*** TASK DATA Section Begins ***

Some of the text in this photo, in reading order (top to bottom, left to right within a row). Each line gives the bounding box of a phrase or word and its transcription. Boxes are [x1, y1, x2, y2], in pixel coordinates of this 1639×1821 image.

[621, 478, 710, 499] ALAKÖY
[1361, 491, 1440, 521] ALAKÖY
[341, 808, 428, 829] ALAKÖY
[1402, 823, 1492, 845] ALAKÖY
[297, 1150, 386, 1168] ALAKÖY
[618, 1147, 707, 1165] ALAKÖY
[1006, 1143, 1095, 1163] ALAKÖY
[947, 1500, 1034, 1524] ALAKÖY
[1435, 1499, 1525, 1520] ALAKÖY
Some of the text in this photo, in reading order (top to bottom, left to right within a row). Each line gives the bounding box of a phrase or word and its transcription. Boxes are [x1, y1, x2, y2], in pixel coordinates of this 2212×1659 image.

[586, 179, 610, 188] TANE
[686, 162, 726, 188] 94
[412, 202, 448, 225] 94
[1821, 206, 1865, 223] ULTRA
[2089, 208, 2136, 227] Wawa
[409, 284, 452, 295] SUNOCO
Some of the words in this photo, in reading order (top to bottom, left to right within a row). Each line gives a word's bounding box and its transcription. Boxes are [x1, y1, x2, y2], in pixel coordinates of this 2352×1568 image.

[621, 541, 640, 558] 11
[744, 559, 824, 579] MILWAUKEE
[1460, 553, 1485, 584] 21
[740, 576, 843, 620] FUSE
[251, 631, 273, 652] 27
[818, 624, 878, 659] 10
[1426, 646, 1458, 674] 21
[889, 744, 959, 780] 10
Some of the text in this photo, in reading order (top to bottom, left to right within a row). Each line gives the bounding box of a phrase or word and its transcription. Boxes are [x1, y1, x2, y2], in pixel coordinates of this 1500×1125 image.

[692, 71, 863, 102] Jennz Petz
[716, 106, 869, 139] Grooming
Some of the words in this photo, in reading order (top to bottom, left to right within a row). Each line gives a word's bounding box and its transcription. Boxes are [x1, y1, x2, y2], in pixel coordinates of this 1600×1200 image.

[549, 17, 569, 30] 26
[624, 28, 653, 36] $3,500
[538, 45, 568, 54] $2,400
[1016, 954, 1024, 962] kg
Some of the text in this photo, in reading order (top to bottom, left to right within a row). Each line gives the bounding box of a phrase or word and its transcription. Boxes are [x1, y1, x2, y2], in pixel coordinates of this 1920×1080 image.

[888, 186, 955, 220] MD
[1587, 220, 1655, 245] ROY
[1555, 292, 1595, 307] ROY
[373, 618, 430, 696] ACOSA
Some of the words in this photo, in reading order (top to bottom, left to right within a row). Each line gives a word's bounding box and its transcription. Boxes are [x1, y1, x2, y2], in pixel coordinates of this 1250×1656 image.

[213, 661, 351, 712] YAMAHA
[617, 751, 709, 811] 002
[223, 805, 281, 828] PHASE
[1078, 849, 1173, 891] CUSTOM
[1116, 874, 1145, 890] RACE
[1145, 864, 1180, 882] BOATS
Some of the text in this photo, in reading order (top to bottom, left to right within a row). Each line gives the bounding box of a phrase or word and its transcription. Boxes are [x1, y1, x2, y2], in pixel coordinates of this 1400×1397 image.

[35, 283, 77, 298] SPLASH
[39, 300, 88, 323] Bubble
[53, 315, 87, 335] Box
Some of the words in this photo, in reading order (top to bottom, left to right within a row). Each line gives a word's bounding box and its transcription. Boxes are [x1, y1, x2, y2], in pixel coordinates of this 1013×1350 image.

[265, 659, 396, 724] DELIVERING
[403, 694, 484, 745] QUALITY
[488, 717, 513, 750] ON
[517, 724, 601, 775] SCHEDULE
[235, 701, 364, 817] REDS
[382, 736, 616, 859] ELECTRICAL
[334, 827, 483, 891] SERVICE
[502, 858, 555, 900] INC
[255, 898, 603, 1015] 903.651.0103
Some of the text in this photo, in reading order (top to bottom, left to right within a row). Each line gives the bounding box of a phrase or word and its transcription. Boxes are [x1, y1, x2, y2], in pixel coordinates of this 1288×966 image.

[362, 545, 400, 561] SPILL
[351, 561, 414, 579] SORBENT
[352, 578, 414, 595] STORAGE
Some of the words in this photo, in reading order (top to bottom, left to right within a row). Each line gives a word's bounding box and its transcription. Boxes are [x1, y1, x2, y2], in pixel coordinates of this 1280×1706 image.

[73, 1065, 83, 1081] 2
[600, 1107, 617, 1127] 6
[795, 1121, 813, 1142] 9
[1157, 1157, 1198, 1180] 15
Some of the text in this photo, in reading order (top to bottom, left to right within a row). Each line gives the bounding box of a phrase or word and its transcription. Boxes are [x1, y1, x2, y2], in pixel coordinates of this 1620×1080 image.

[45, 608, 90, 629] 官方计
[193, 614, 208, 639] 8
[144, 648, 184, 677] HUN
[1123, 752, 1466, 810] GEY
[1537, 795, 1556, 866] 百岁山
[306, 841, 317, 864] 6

*** TASK DATA Section Ends ***

Repeat the data precisely, line by line.

§ YOUR SOLUTION
Some of the text in this photo, in reading order (top to bottom, left to right within a row). Each line gives the bounding box of a phrase or word and its transcription. Boxes are [x1, y1, x2, y2], in pixel coordinates of this 1639×1821 image.

[621, 478, 710, 499] ALAKÖY
[1361, 491, 1440, 521] ALAKÖY
[341, 808, 428, 829] ALAKÖY
[1402, 823, 1492, 845] ALAKÖY
[297, 1150, 386, 1168] ALAKÖY
[618, 1147, 707, 1165] ALAKÖY
[1006, 1143, 1095, 1163] ALAKÖY
[947, 1500, 1034, 1524] ALAKÖY
[1435, 1499, 1525, 1520] ALAKÖY
Some of the text in this photo, in reading order (top to bottom, left to right within a row). Each line gives the bounding box of a phrase or word and its transcription. Boxes are [x1, y1, x2, y2], in pixel coordinates of this 2212×1659 image.

[586, 179, 610, 188] TANE
[686, 162, 726, 188] 94
[412, 202, 448, 225] 94
[1821, 206, 1865, 223] ULTRA
[2089, 208, 2136, 227] Wawa
[409, 284, 452, 295] SUNOCO
Some of the words in this photo, in reading order (top to bottom, left to right within a row). Each line gives a word's bounding box and its transcription. Boxes are [x1, y1, x2, y2], in pixel coordinates of this 2352×1568 image.

[621, 541, 640, 558] 11
[744, 559, 824, 579] MILWAUKEE
[1460, 553, 1485, 584] 21
[740, 576, 843, 620] FUSE
[251, 631, 273, 652] 27
[818, 624, 878, 659] 10
[1426, 646, 1458, 674] 21
[889, 744, 959, 780] 10
Some of the text in this photo, in reading order (top to bottom, left to right within a row). Each line gives the bounding box of a phrase or word and its transcription. Boxes are [x1, y1, x2, y2], in pixel coordinates of this 1500×1125 image.

[692, 71, 863, 102] Jennz Petz
[716, 106, 869, 139] Grooming
Some of the words in this photo, in reading order (top to bottom, left to right within a row). Each line gives a word's bounding box and its transcription. Boxes are [x1, y1, x2, y2], in pixel coordinates of this 1600×1200 image.

[549, 17, 569, 30] 26
[624, 28, 653, 36] $3,500
[538, 45, 568, 54] $2,400
[1016, 954, 1024, 962] kg
Some of the text in this photo, in reading order (top to bottom, left to right within a row). Each line gives the bounding box of a phrase or word and its transcription. Boxes are [x1, y1, x2, y2], in pixel coordinates of this 1920×1080 image.

[888, 186, 955, 220] MD
[1587, 220, 1655, 245] ROY
[1555, 292, 1595, 307] ROY
[373, 618, 430, 696] ACOSA
Some of the words in this photo, in reading order (top to bottom, left to right within a row). Each line gives a word's bounding box and its transcription. Boxes are [x1, y1, x2, y2], in pixel coordinates of this 1250×1656 image.

[213, 661, 351, 712] YAMAHA
[617, 751, 709, 811] 002
[223, 805, 281, 828] PHASE
[1078, 849, 1173, 891] CUSTOM
[1116, 874, 1145, 890] RACE
[1145, 864, 1180, 882] BOATS
Some of the text in this photo, in reading order (top to bottom, left to right within a row). Each line gives the bounding box of a phrase or word and its transcription. Boxes are [x1, y1, x2, y2], in pixel coordinates of this 1400×1397 image.

[35, 283, 77, 298] SPLASH
[39, 300, 88, 323] Bubble
[53, 315, 87, 335] Box
Some of the words in this photo, in reading order (top to bottom, left to right within a row). Each line gives a word's bounding box and its transcription. Boxes are [x1, y1, x2, y2], in pixel coordinates of this 1013×1350 image.

[265, 659, 396, 724] DELIVERING
[403, 694, 484, 745] QUALITY
[488, 717, 513, 750] ON
[517, 724, 601, 775] SCHEDULE
[235, 701, 364, 817] REDS
[382, 736, 616, 859] ELECTRICAL
[334, 827, 483, 891] SERVICE
[502, 858, 555, 900] INC
[255, 898, 603, 1015] 903.651.0103
Some of the text in this photo, in reading order (top to bottom, left to right within a row). Each line gives the bounding box of a phrase or word and its transcription. Boxes are [x1, y1, x2, y2], in pixel coordinates of this 1288×966 image.

[362, 545, 400, 561] SPILL
[351, 561, 414, 579] SORBENT
[352, 578, 414, 595] STORAGE
Some of the words in this photo, in reading order (top to bottom, left to right within a row). Each line gives a word's bounding box and its transcription. Boxes are [x1, y1, x2, y2], in pixel coordinates of this 1280×1706 image.

[73, 1065, 83, 1081] 2
[600, 1107, 617, 1127] 6
[795, 1121, 813, 1142] 9
[1157, 1157, 1198, 1180] 15
Some of the text in this photo, in reading order (top to bottom, left to right within a row). Each line gives the bounding box of a phrase or word and its transcription. Boxes are [x1, y1, x2, y2], in pixel coordinates of this 1620×1080 image.

[45, 608, 90, 629] 官方计
[193, 614, 208, 639] 8
[144, 648, 184, 677] HUN
[1123, 752, 1466, 810] GEY
[1537, 795, 1556, 866] 百岁山
[306, 841, 317, 864] 6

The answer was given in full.